Reproduce the records below in full and word for word, excluding pictures.
= = = = =
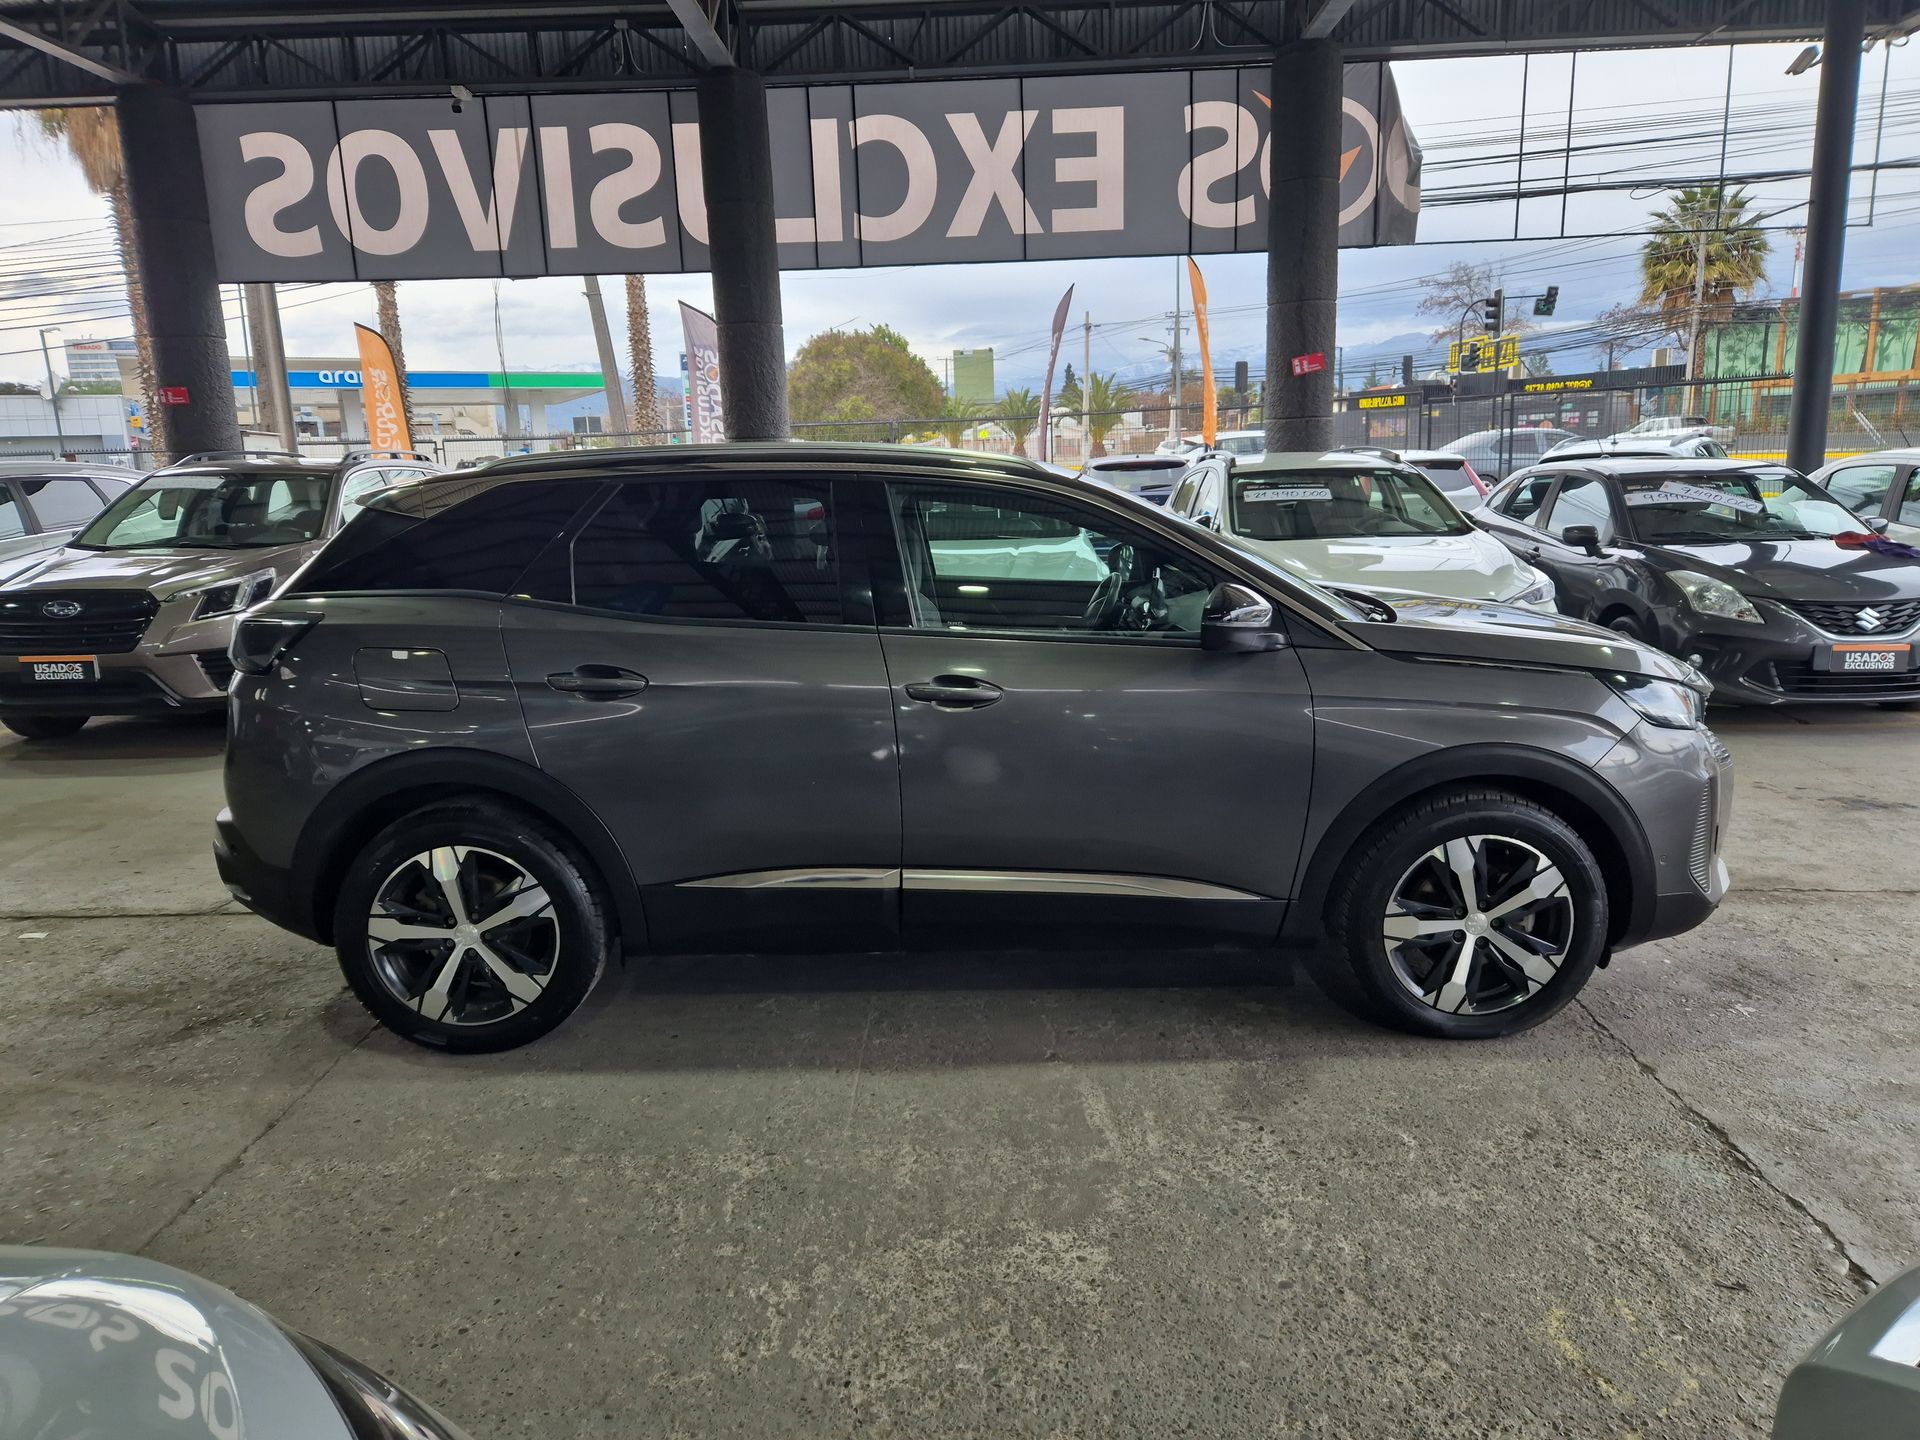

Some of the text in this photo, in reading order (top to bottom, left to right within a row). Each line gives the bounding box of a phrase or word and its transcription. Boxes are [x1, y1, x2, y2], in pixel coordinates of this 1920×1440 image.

[1846, 652, 1895, 662] USADOS
[34, 663, 82, 673] USADOS
[1844, 661, 1894, 670] EXCLUSIVOS
[35, 672, 84, 681] EXCLUSIVOS
= = = = =
> Output of the task
Some of the text in this photo, in reading order (top to bottom, left to right within a row). Each line gives the bounding box of a phrase or word and its transcription. Boxes are [x1, y1, x2, y2], in pixel coordinates of this 1920×1440 image.

[1846, 652, 1895, 662] USADOS
[34, 663, 82, 673] USADOS
[1844, 661, 1894, 670] EXCLUSIVOS
[35, 672, 84, 681] EXCLUSIVOS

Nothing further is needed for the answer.